(Stored dataset items)
▼

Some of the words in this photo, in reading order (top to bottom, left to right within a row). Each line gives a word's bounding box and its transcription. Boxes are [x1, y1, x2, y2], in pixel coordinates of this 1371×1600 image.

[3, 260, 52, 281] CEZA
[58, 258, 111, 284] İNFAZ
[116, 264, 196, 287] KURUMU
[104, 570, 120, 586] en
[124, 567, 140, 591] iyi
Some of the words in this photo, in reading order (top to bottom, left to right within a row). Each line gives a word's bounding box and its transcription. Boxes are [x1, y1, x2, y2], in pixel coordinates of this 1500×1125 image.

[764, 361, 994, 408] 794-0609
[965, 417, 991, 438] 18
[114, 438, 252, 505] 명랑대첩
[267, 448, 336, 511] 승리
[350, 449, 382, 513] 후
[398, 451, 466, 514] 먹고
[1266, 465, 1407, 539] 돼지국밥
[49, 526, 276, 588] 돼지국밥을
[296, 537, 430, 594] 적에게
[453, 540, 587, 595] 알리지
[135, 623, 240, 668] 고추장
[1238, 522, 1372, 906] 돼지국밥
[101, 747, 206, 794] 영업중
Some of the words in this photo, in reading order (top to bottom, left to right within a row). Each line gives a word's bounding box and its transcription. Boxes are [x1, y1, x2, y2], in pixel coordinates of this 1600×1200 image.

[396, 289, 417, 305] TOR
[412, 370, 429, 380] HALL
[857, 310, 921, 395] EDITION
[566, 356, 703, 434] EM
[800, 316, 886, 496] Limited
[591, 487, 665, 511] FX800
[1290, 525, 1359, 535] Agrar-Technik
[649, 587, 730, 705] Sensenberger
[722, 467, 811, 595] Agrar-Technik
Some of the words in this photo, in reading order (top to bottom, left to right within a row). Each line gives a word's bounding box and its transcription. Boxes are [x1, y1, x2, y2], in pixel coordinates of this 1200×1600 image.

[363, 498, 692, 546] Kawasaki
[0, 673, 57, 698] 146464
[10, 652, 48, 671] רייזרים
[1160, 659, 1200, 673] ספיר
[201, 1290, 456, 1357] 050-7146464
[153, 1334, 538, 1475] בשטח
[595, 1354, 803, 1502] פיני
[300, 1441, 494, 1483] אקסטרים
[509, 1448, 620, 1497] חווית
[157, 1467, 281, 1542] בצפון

▲

● Brief: Set every record down again, exactly as given.

● Reply to the exercise:
Some of the words in this photo, in reading order (top to bottom, left to right within a row). Each line gives a word's bounding box and its transcription. Boxes are [x1, y1, x2, y2], in pixel coordinates of this 1371×1600 image.

[3, 260, 52, 281] CEZA
[58, 258, 111, 284] İNFAZ
[116, 264, 196, 287] KURUMU
[104, 570, 120, 586] en
[124, 567, 140, 591] iyi
Some of the words in this photo, in reading order (top to bottom, left to right within a row). Each line gives a word's bounding box and its transcription. Boxes are [x1, y1, x2, y2], in pixel coordinates of this 1500×1125 image.

[764, 361, 994, 408] 794-0609
[965, 417, 991, 438] 18
[114, 438, 252, 505] 명랑대첩
[267, 448, 336, 511] 승리
[350, 449, 382, 513] 후
[398, 451, 466, 514] 먹고
[1266, 465, 1407, 539] 돼지국밥
[49, 526, 276, 588] 돼지국밥을
[296, 537, 430, 594] 적에게
[453, 540, 587, 595] 알리지
[135, 623, 240, 668] 고추장
[1238, 522, 1372, 906] 돼지국밥
[101, 747, 206, 794] 영업중
Some of the words in this photo, in reading order (top to bottom, left to right within a row). Each line gives a word's bounding box and its transcription. Boxes are [x1, y1, x2, y2], in pixel coordinates of this 1600×1200 image.

[396, 289, 417, 305] TOR
[412, 370, 429, 380] HALL
[857, 310, 921, 395] EDITION
[566, 356, 703, 434] EM
[800, 316, 886, 496] Limited
[591, 487, 665, 511] FX800
[1290, 525, 1359, 535] Agrar-Technik
[649, 587, 730, 705] Sensenberger
[722, 467, 811, 595] Agrar-Technik
Some of the words in this photo, in reading order (top to bottom, left to right within a row). Each line gives a word's bounding box and its transcription. Boxes are [x1, y1, x2, y2], in pixel coordinates of this 1200×1600 image.

[363, 498, 692, 546] Kawasaki
[0, 673, 57, 698] 146464
[10, 652, 48, 671] רייזרים
[1160, 659, 1200, 673] ספיר
[201, 1290, 456, 1357] 050-7146464
[153, 1334, 538, 1475] בשטח
[595, 1354, 803, 1502] פיני
[300, 1441, 494, 1483] אקסטרים
[509, 1448, 620, 1497] חווית
[157, 1467, 281, 1542] בצפון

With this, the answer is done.